*Work to be completed*: From the first line to the last, copy the listing exactly and omit the pictures.

*Material shown*:
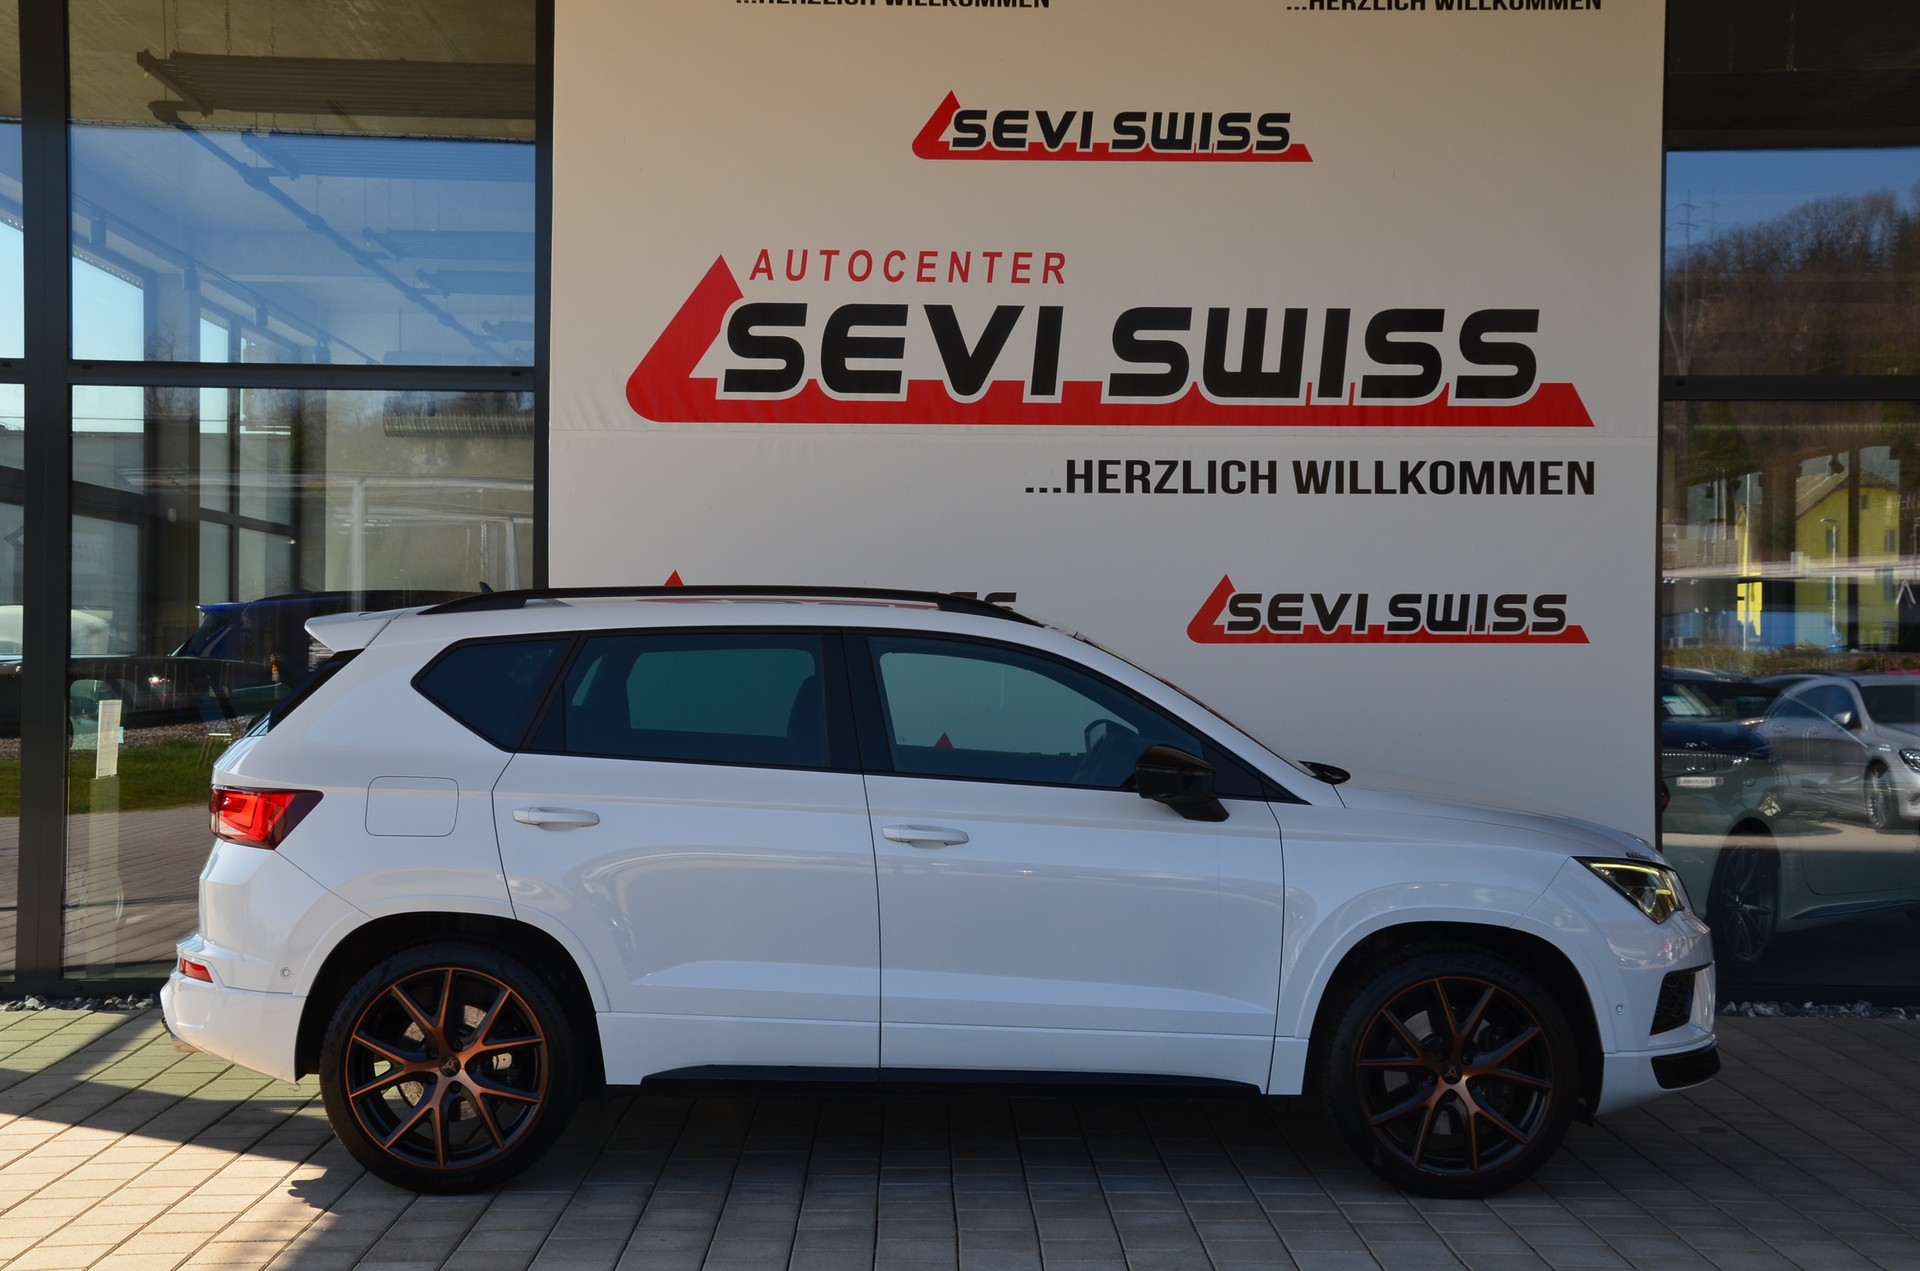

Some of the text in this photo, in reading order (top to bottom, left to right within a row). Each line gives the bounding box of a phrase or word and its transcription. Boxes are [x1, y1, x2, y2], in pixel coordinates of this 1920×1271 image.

[951, 110, 1293, 153] SEVI SWISS
[748, 248, 1067, 285] AUTOCENTER
[722, 302, 1541, 400] SEVI SWISS
[1025, 459, 1595, 495] ...HERZLICH WILLKOMMEN
[1226, 592, 1568, 634] SEVI SWISS

*Problem solution*:
Some of the text in this photo, in reading order (top to bottom, left to right within a row). Each line gives the bounding box of a phrase or word and its transcription. Boxes are [x1, y1, x2, y2], in pixel coordinates of this 1920×1271 image.

[951, 110, 1293, 153] SEVI SWISS
[748, 248, 1067, 285] AUTOCENTER
[722, 302, 1541, 400] SEVI SWISS
[1025, 459, 1595, 495] ...HERZLICH WILLKOMMEN
[1226, 592, 1568, 634] SEVI SWISS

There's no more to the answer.